* **LISTED ENTRIES**

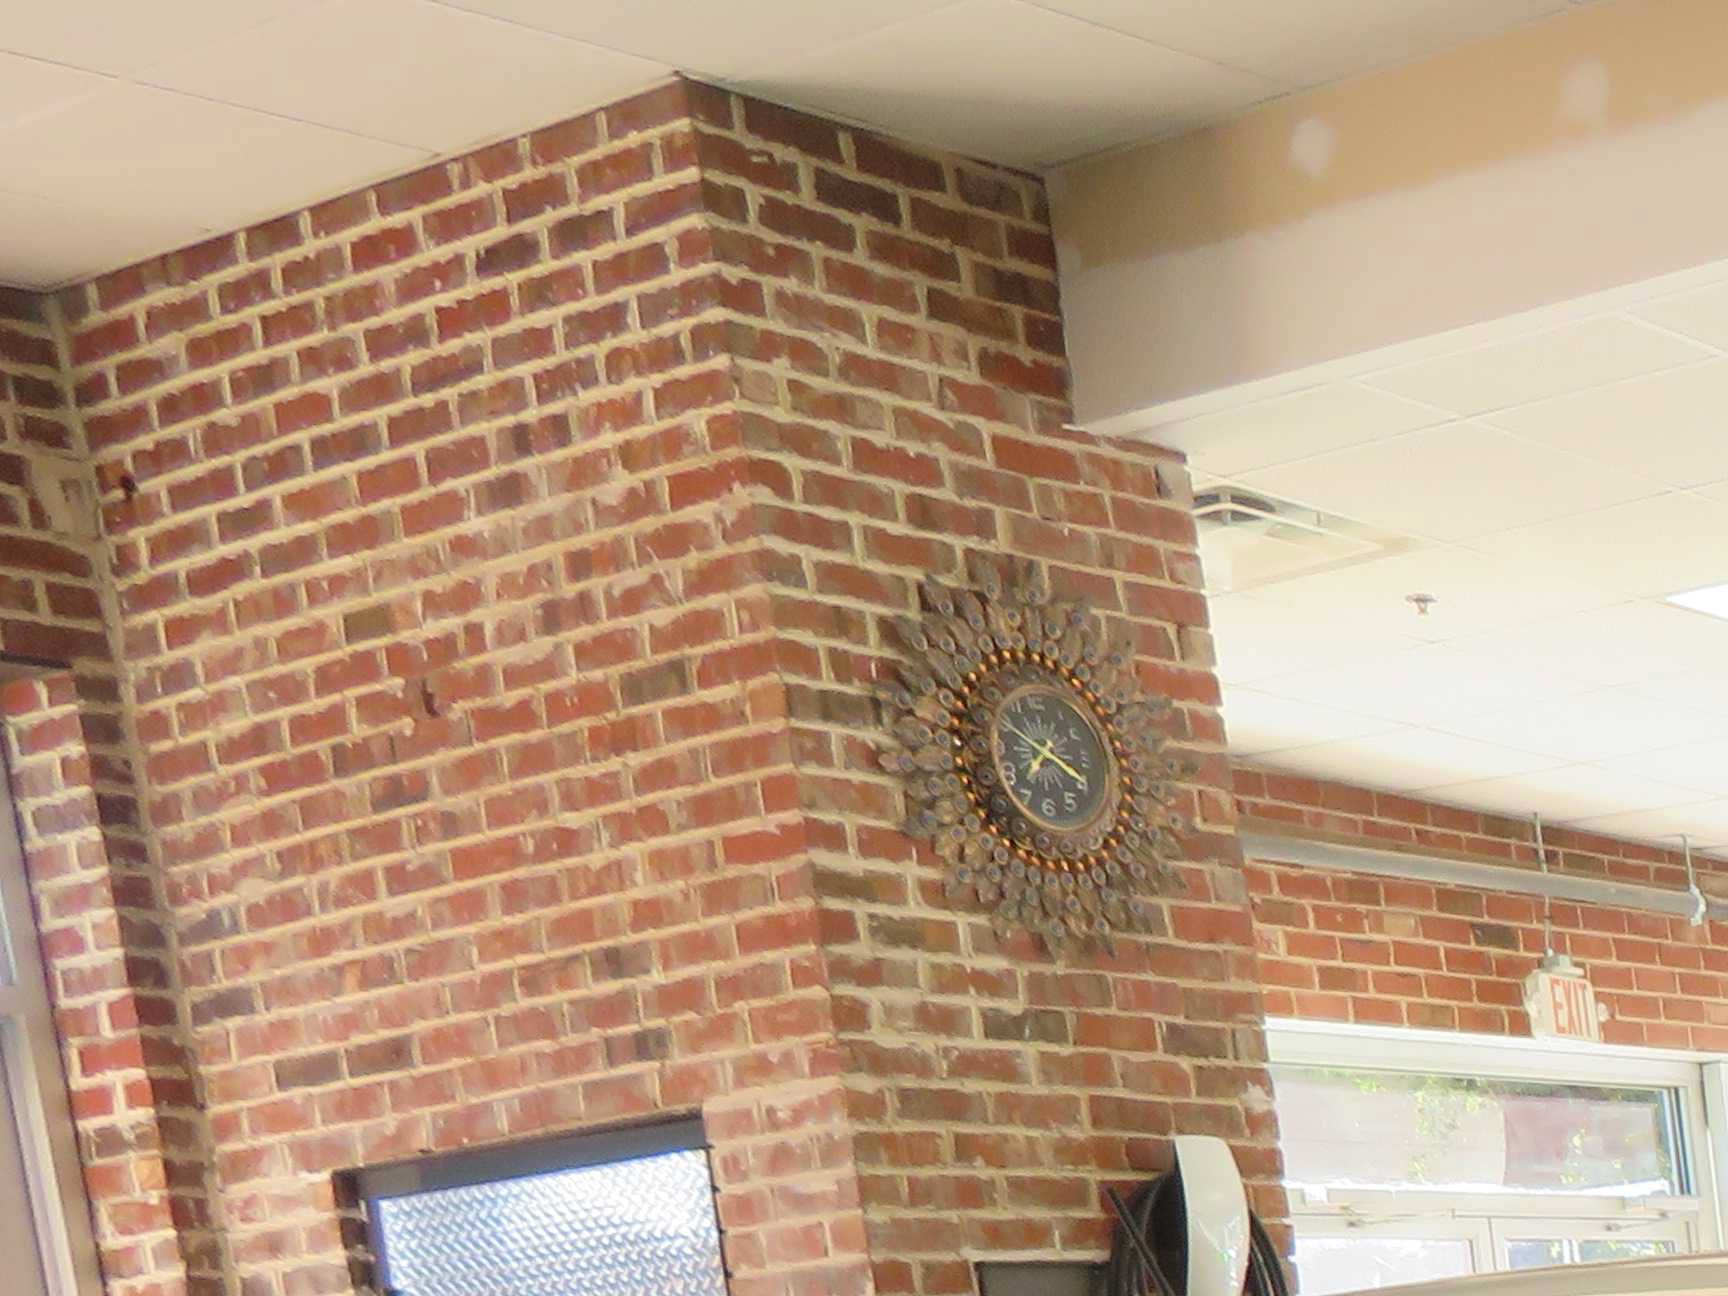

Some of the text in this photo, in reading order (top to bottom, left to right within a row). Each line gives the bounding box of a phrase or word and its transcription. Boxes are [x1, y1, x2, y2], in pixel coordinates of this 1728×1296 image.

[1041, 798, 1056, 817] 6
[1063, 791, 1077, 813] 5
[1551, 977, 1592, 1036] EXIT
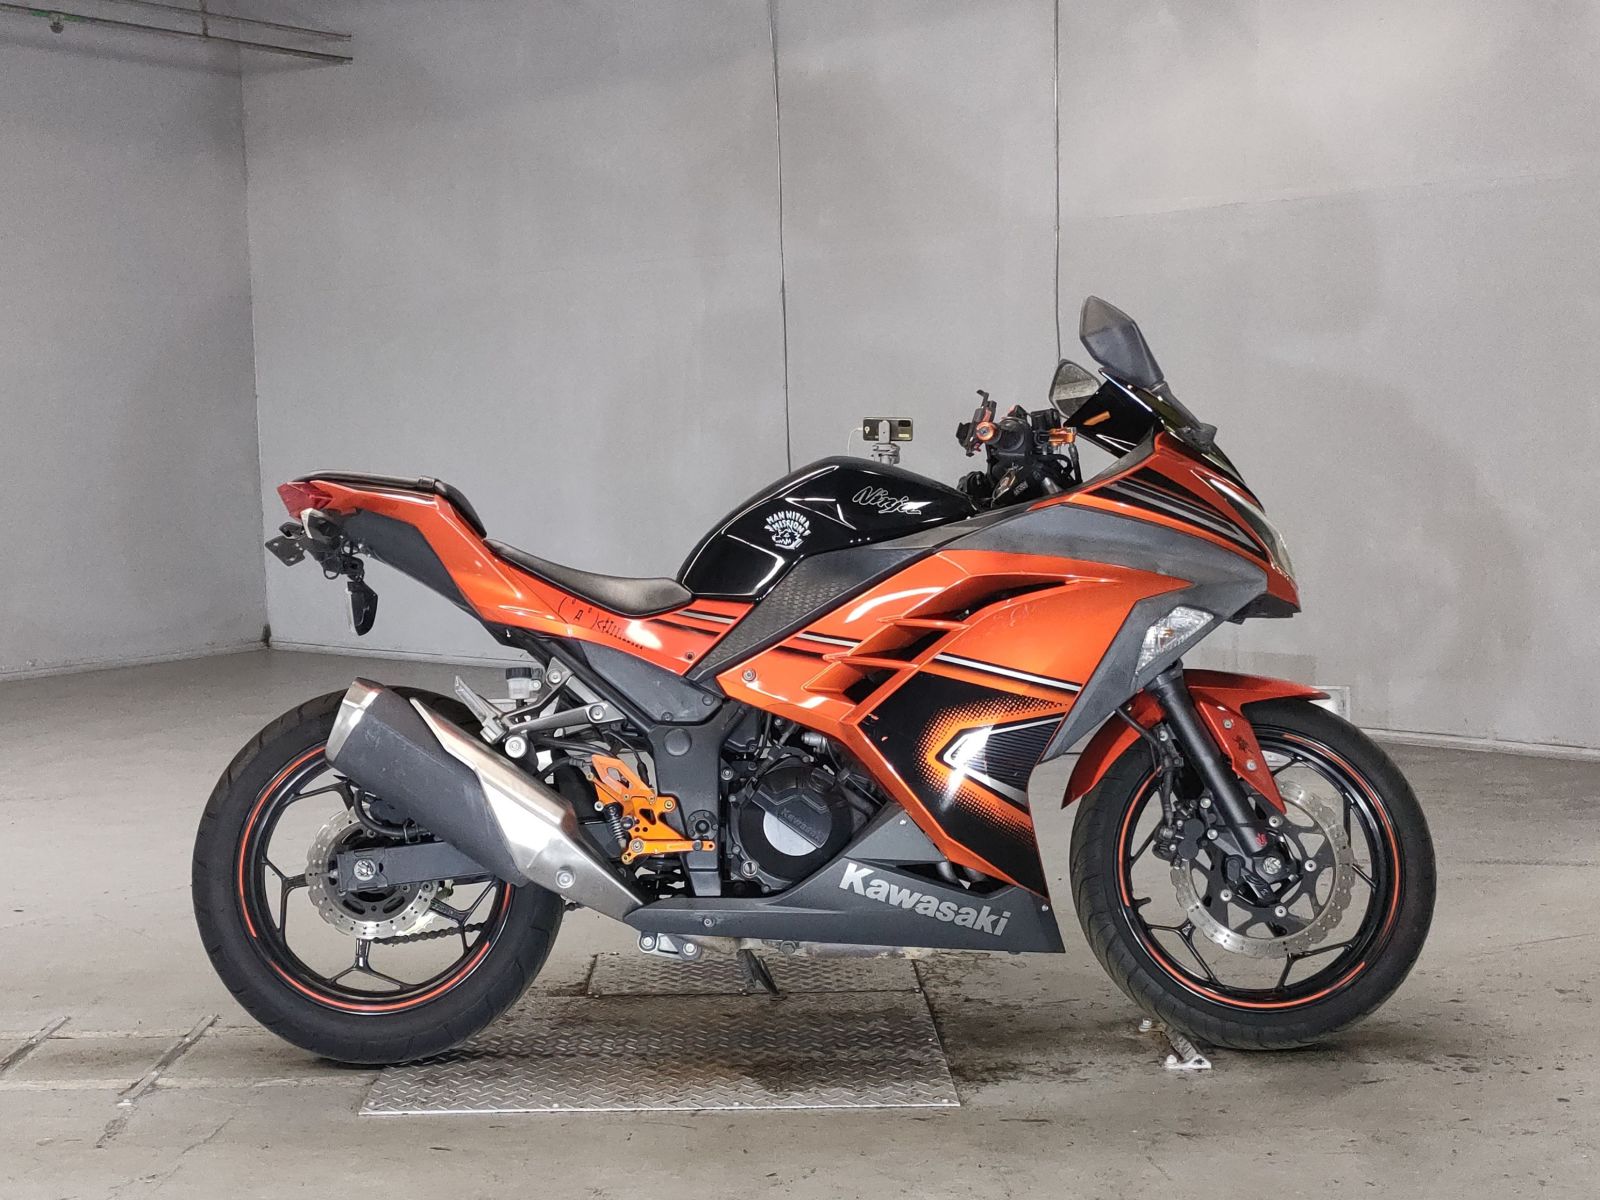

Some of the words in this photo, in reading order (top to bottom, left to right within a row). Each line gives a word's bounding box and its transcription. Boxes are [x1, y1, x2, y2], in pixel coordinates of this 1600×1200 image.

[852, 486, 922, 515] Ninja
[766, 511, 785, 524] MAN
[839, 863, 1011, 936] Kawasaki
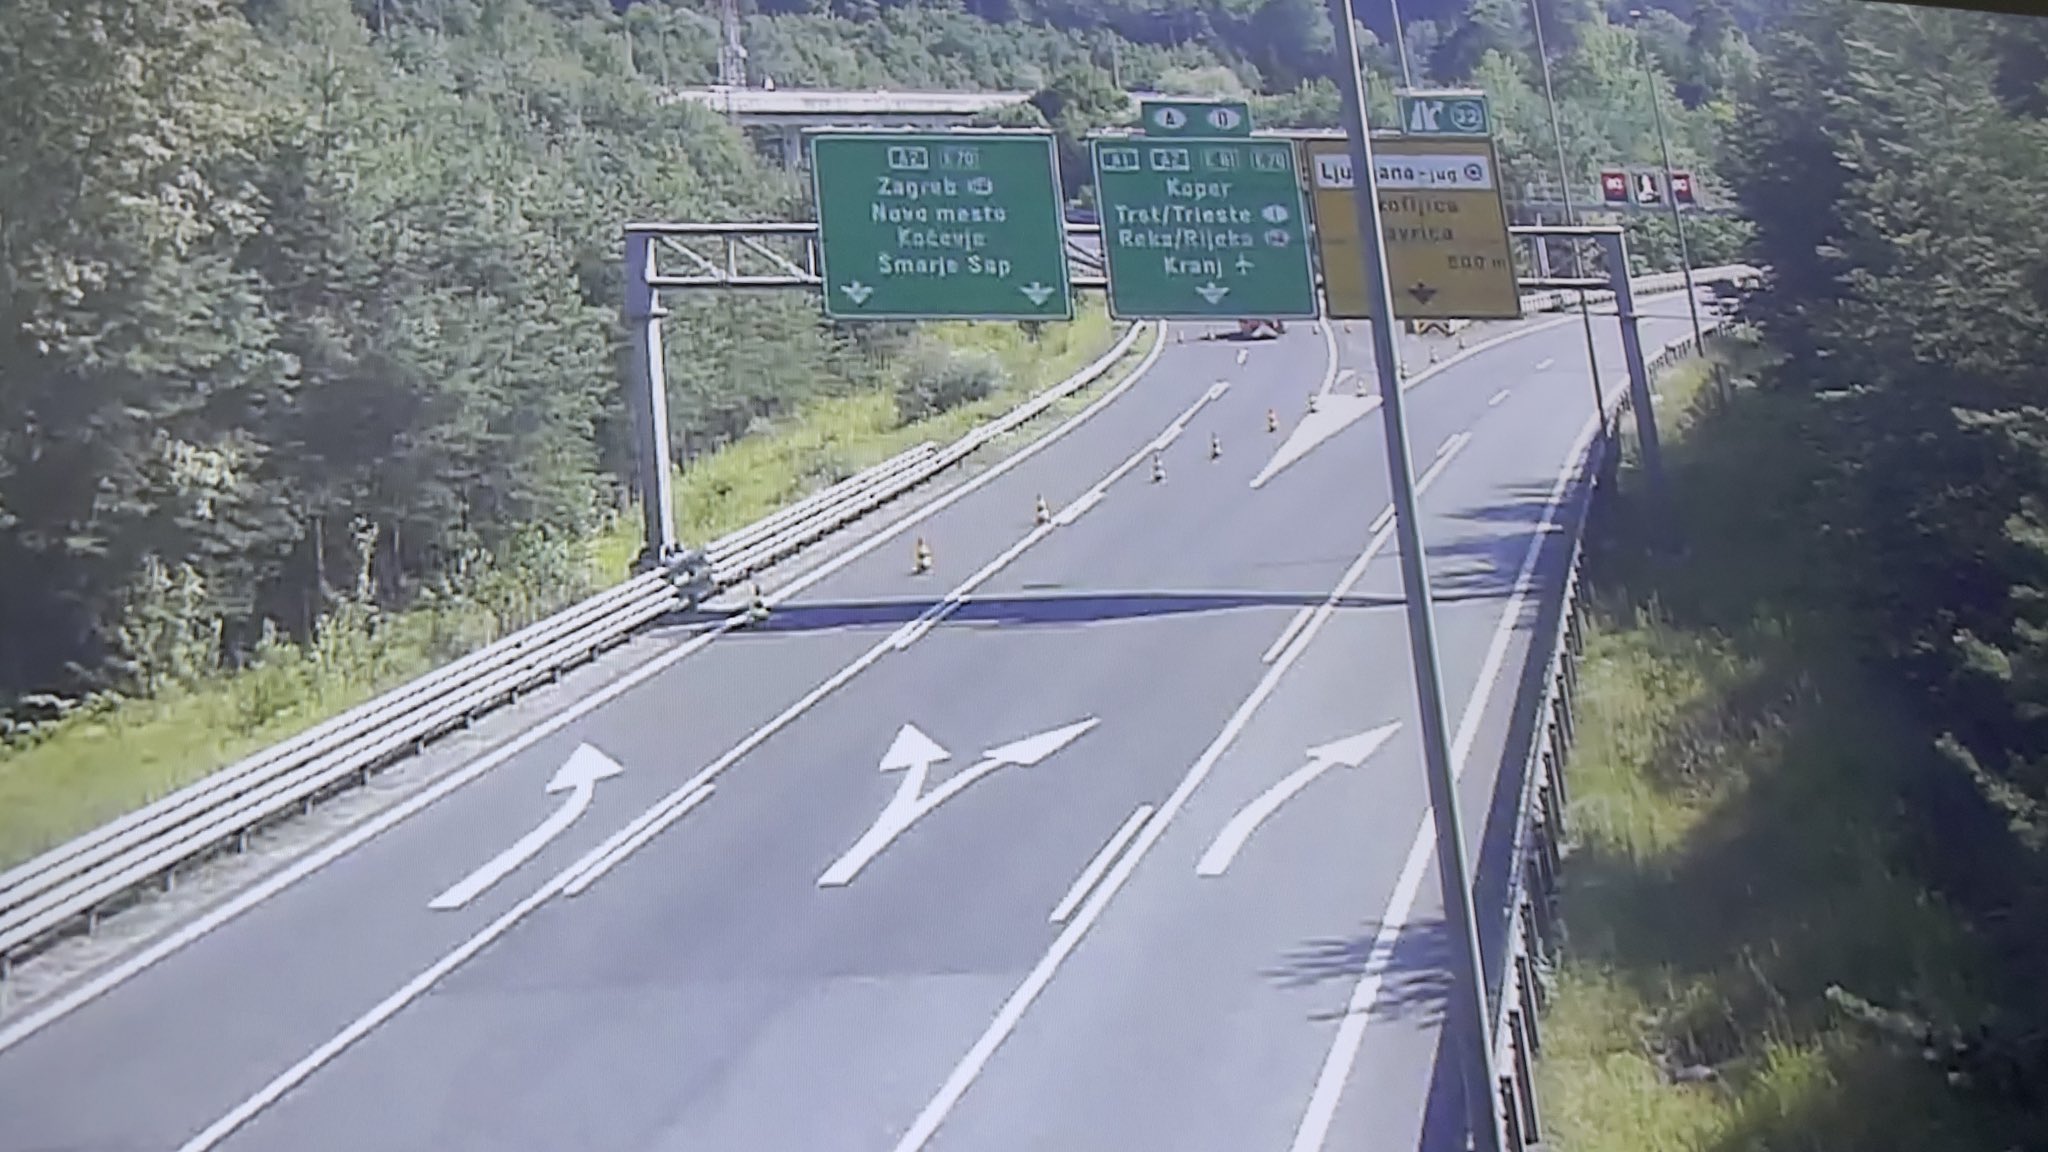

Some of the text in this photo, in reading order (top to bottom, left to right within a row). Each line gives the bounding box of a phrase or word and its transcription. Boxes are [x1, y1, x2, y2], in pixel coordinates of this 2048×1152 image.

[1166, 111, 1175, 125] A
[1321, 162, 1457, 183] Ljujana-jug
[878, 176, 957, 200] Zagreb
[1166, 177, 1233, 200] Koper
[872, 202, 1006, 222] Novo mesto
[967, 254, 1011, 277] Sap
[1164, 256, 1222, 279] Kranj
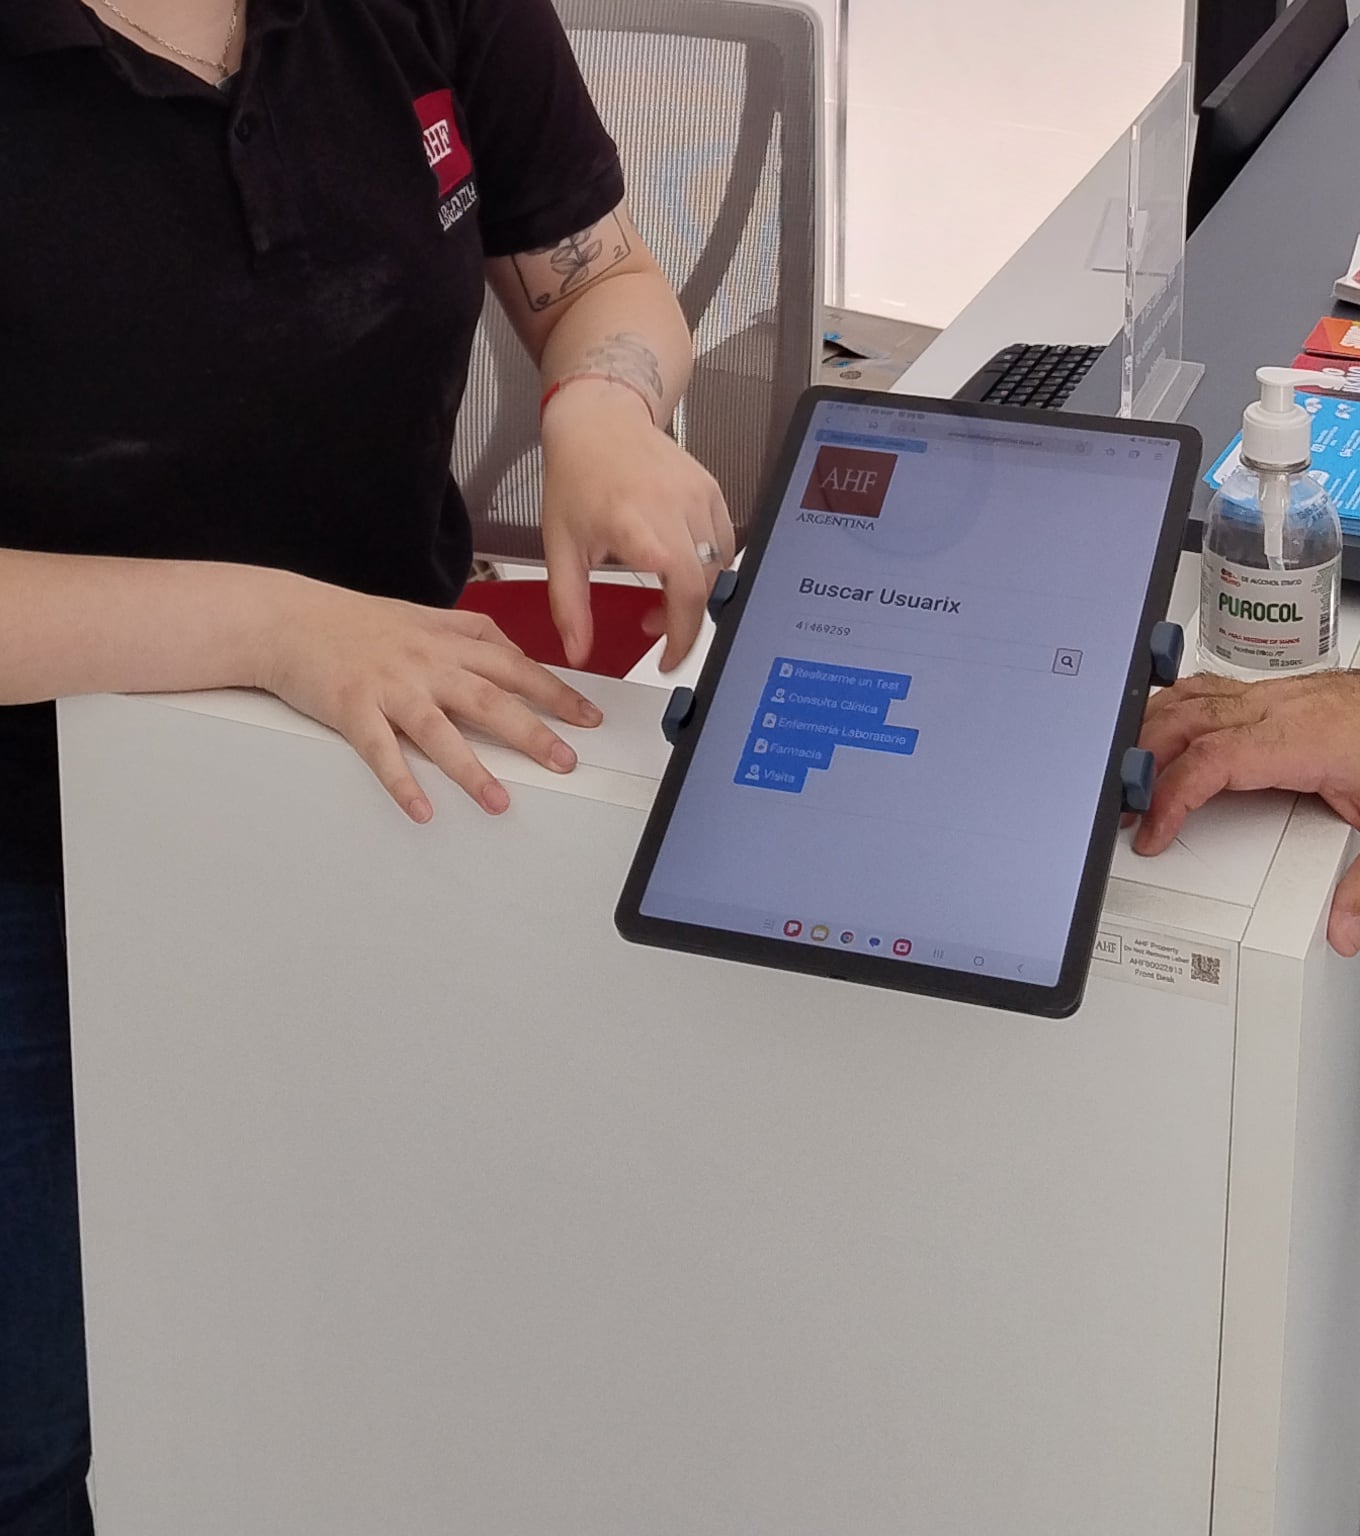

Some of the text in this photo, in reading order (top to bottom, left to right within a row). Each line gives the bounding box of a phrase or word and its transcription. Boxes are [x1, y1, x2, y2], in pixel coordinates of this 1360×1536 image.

* **ASSIGNED TASK**
Reprint each of the records exactly and skip the images.

* **WRITTEN REPLY**
Some of the text in this photo, in reading order (top to bottom, left to right within a row). Each line gives the bounding box of a phrase or word and its transcription. Boxes are [x1, y1, x2, y2], in pixel coordinates of this 1728×1296 image.

[1041, 798, 1056, 817] 6
[1063, 791, 1077, 813] 5
[1551, 977, 1592, 1036] EXIT

Some of the words in this photo, in reading order (top to bottom, left to right within a row). Each line gives a word's bounding box and its transcription. Boxes are [x1, y1, x2, y2], in pixel coordinates of this 1600×1200 image.

[852, 486, 922, 515] Ninja
[766, 511, 785, 524] MAN
[839, 863, 1011, 936] Kawasaki

Some of the text in this photo, in reading order (top to bottom, left to right within a row). Each line gives the bounding box of a phrase or word and its transcription. Boxes are [x1, y1, x2, y2], in pixel coordinates of this 2048×1152 image.

[1166, 111, 1175, 125] A
[1321, 162, 1457, 183] Ljujana-jug
[878, 176, 957, 200] Zagreb
[1166, 177, 1233, 200] Koper
[872, 202, 1006, 222] Novo mesto
[967, 254, 1011, 277] Sap
[1164, 256, 1222, 279] Kranj

Some of the text in this photo, in reading order (top to bottom, left to right within a row). Each line gives the bounding box of a phrase or word and its transcription. Boxes are [x1, y1, x2, y2], in pixel coordinates of this 1360×1536 image.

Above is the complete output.